What lines in this listing contain the string "PARA"? Report each one by copying it.
(Beginning of Records to use)
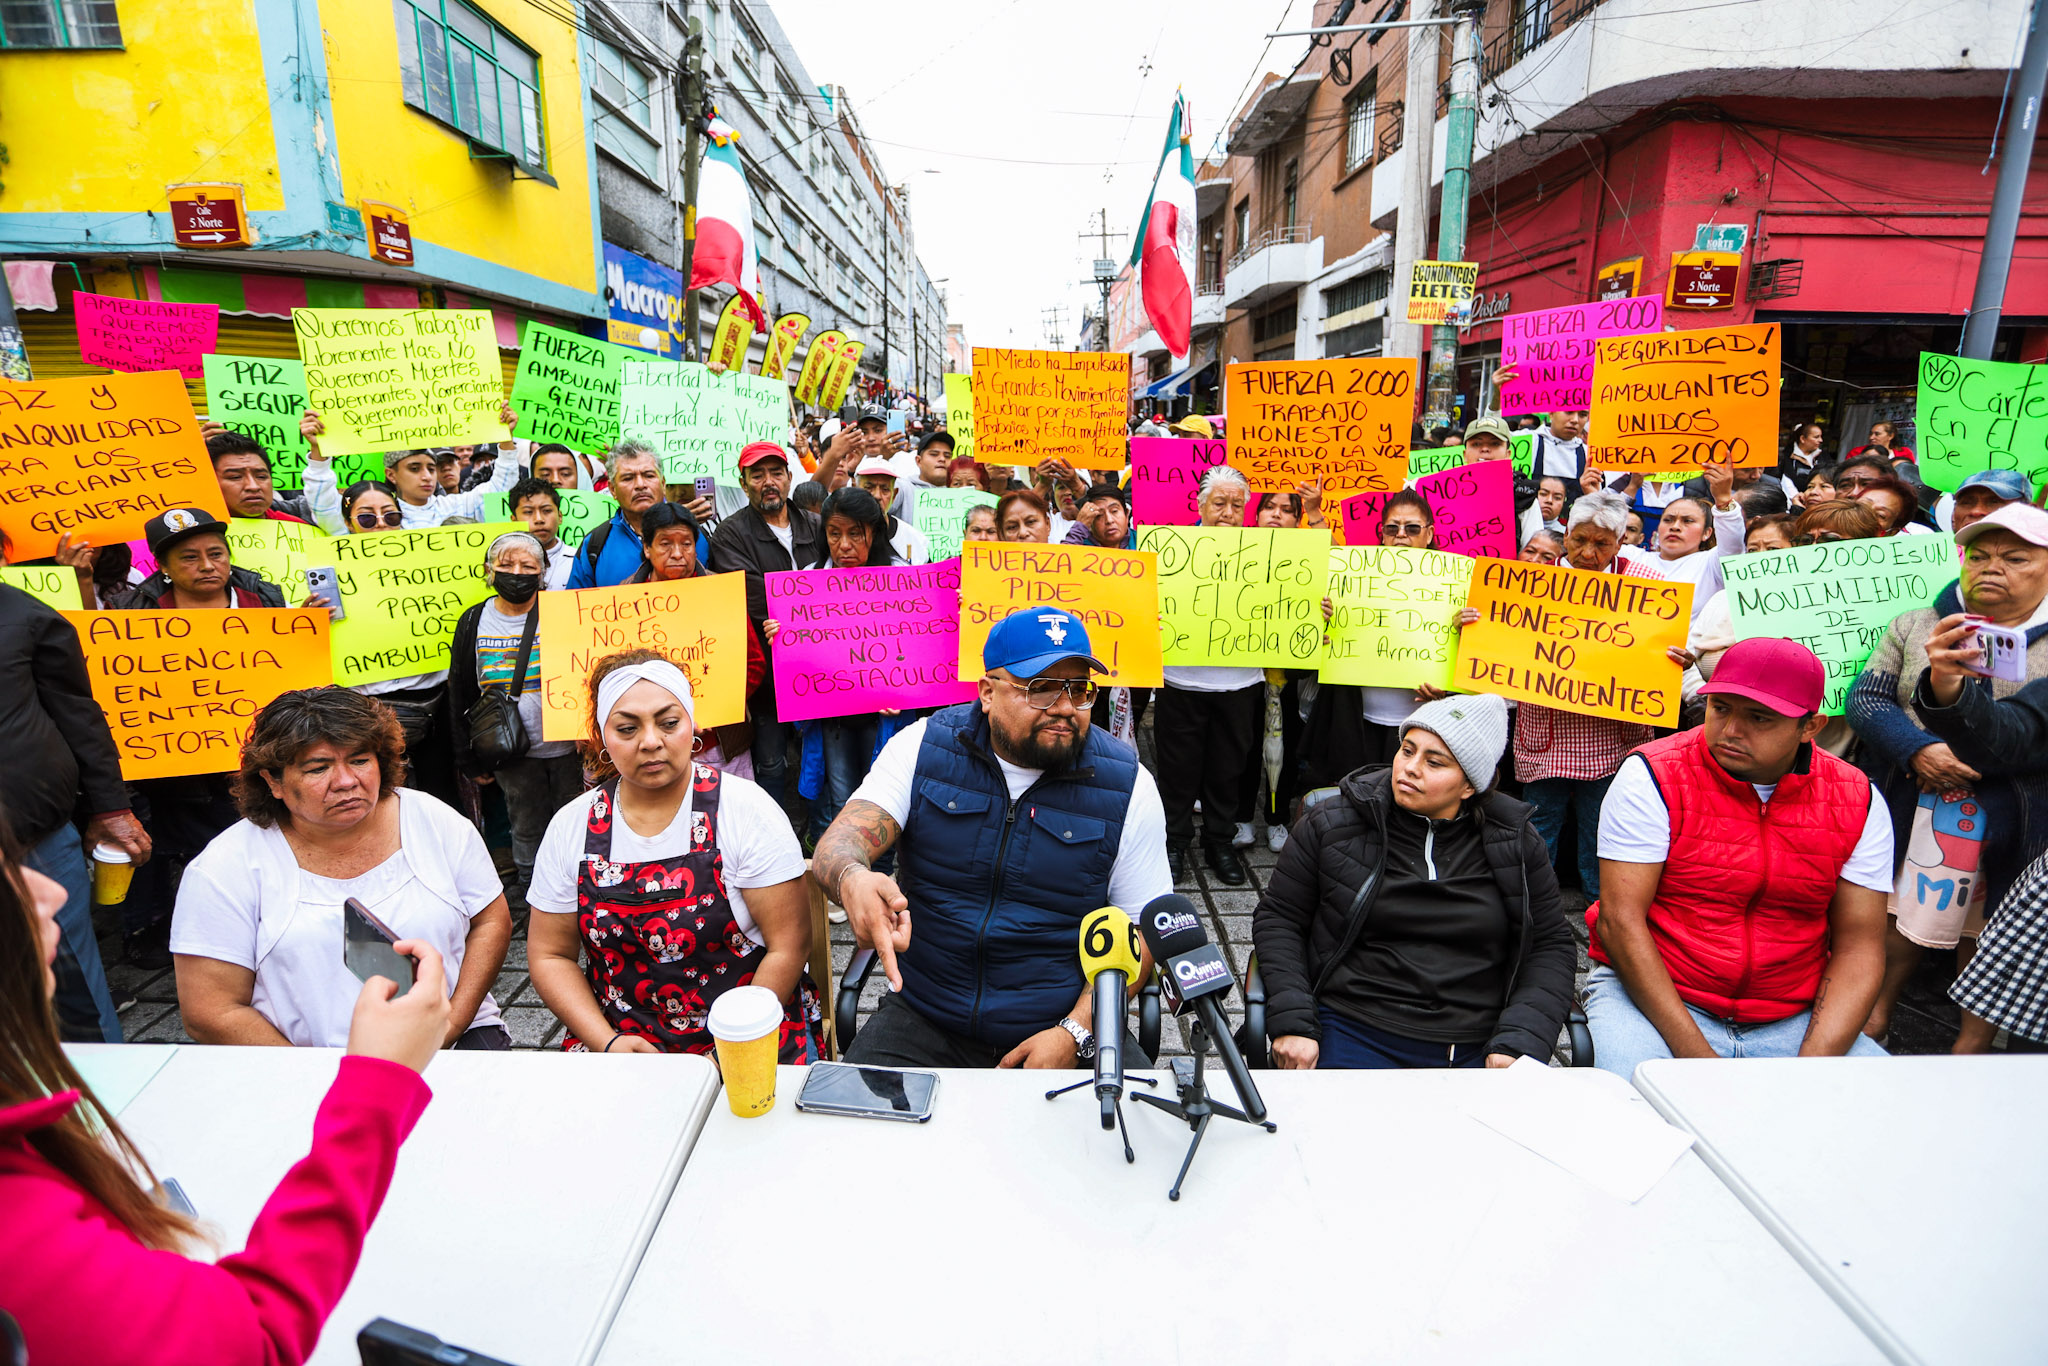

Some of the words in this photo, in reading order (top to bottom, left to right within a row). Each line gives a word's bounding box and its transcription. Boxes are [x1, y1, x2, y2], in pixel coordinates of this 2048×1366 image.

[189, 218, 196, 228] 5
[198, 217, 223, 229] Norte
[1706, 239, 1734, 250] NORTE
[1412, 264, 1476, 285] ECONÓMICOS
[1688, 281, 1695, 292] 5
[1697, 281, 1721, 292] Norte
[1411, 284, 1473, 300] FLETES
[83, 296, 216, 320] AMBULANTES
[1507, 310, 1585, 339] FUERZA
[1597, 300, 1658, 330] 2000
[88, 327, 203, 346] TRABAJAR
[100, 314, 207, 334] QUEREMOS
[294, 309, 404, 339] Queremos
[403, 310, 487, 343] Trabajar
[103, 340, 133, 353] EN
[151, 345, 191, 355] PAZ
[133, 355, 166, 365] SIN
[301, 338, 398, 368] Libremente
[402, 338, 442, 361] Mas
[448, 341, 475, 361] No
[531, 330, 605, 369] FUERZA
[225, 360, 290, 386] PAZ
[307, 368, 404, 390] Queremos
[411, 358, 481, 382] Muertes
[972, 348, 990, 367] El
[996, 348, 1041, 370] Miedo
[1046, 356, 1060, 371] ha
[1061, 351, 1128, 379] Impulsado
[1530, 363, 1593, 384] UNIDO
[528, 361, 621, 396] AMBULAN
[622, 361, 701, 388] Libertad
[705, 369, 726, 391] De
[726, 369, 782, 408] Trabajar
[975, 371, 986, 393] A
[991, 372, 1051, 397] Grandes
[1055, 374, 1127, 403] Movimientos
[1237, 369, 1333, 396] FUERZA
[1346, 368, 1410, 397] 2000
[1601, 370, 1770, 405] AMBULANTES
[219, 390, 307, 416] SEGUR
[309, 387, 417, 415] Gobernantes
[423, 388, 432, 408] y
[432, 374, 504, 400] Comerciantes
[549, 385, 620, 417] GENTE
[1504, 392, 1527, 408] POR
[1533, 391, 1550, 407] LA
[342, 405, 428, 426] Queremos
[431, 402, 448, 415] un
[453, 397, 503, 414] Centro
[517, 398, 620, 435] TRABAJA
[622, 401, 697, 427] Libertad
[708, 409, 728, 428] de
[735, 407, 781, 442] Vivir
[974, 396, 983, 412] A
[983, 396, 1032, 418] Luchar
[1037, 405, 1061, 422] por
[1064, 407, 1087, 418] sus
[1252, 400, 1368, 423] TRABAJO
[1618, 408, 1719, 433] UNIDOS
[0, 418, 183, 450] NQUILIDAD
[222, 421, 286, 446] PARA
[655, 429, 709, 452] Temor
[714, 440, 733, 452] en
[979, 415, 1029, 435] Trabajos
[1044, 422, 1076, 439] Esta
[1080, 419, 1127, 439] multitud
[1242, 425, 1363, 444] HONESTO
[1930, 405, 1967, 440] En
[1986, 418, 2018, 451] El
[74, 447, 142, 470] LOS
[1024, 439, 1085, 457] Queremos
[1192, 443, 1226, 467] NO
[1235, 446, 1328, 460] ALZANDO
[1341, 445, 1366, 458] LA
[1372, 444, 1407, 460] VOZ
[1589, 445, 1656, 465] FUERZA
[1670, 438, 1749, 465] 2000
[1926, 435, 1963, 467] De
[662, 454, 709, 474] Todo
[1137, 464, 1150, 481] A
[1156, 466, 1184, 484] LA
[1252, 460, 1378, 475] SEGURIDAD
[1409, 453, 1464, 475] UERZA
[1308, 474, 1390, 492] TODOS
[919, 491, 955, 509] AQUI
[30, 493, 193, 536] GENERAL
[331, 530, 485, 561] RESPETO
[1810, 545, 1886, 574] 2000
[1924, 539, 1949, 566] UN
[968, 547, 1072, 575] FUERZA
[1082, 553, 1145, 578] 2000
[1328, 547, 1413, 575] SOMOS
[24, 571, 63, 594] NO
[771, 575, 814, 598] LOS
[826, 566, 961, 592] AMBULANTES
[1001, 577, 1083, 603] PIDE
[1327, 574, 1409, 601] ANTES
[1413, 588, 1445, 602] DE
[1483, 563, 1680, 620] AMBULANTES
[1737, 573, 1928, 616] MOVIMIENTO
[376, 591, 463, 619] PARA
[575, 588, 680, 625] Federico
[791, 596, 933, 623] MERECEMOS
[1193, 583, 1220, 618] El
[1236, 584, 1311, 622] Centro
[89, 616, 192, 645] ALTO
[222, 616, 250, 635] A
[272, 615, 318, 636] LA
[411, 613, 458, 637] LOS
[593, 624, 625, 648] NO
[638, 615, 668, 645] Es
[1325, 605, 1349, 632] NO
[1351, 607, 1392, 629] DE
[1490, 600, 1635, 648] HONESTOS
[1815, 609, 1865, 628] DE
[1208, 618, 1280, 657] Puebla
[1327, 639, 1360, 659] NI
[1377, 635, 1448, 662] Armas
[85, 647, 283, 676] IOLENCIA
[344, 641, 452, 675] AMBULA
[1534, 641, 1576, 671] NO
[114, 681, 162, 704] EN
[191, 678, 245, 698] EL
[544, 675, 579, 711] Es
[1468, 657, 1665, 718] DELINCUENTES
[1916, 871, 1971, 912] Mi
[1154, 911, 1196, 931] Quinto
[1084, 914, 1115, 958] 6
[1128, 921, 1142, 963] 6
[1175, 959, 1224, 981] Quinto
(End of Records to use)
## Solution
[222, 421, 286, 446] PARA
[376, 591, 463, 619] PARA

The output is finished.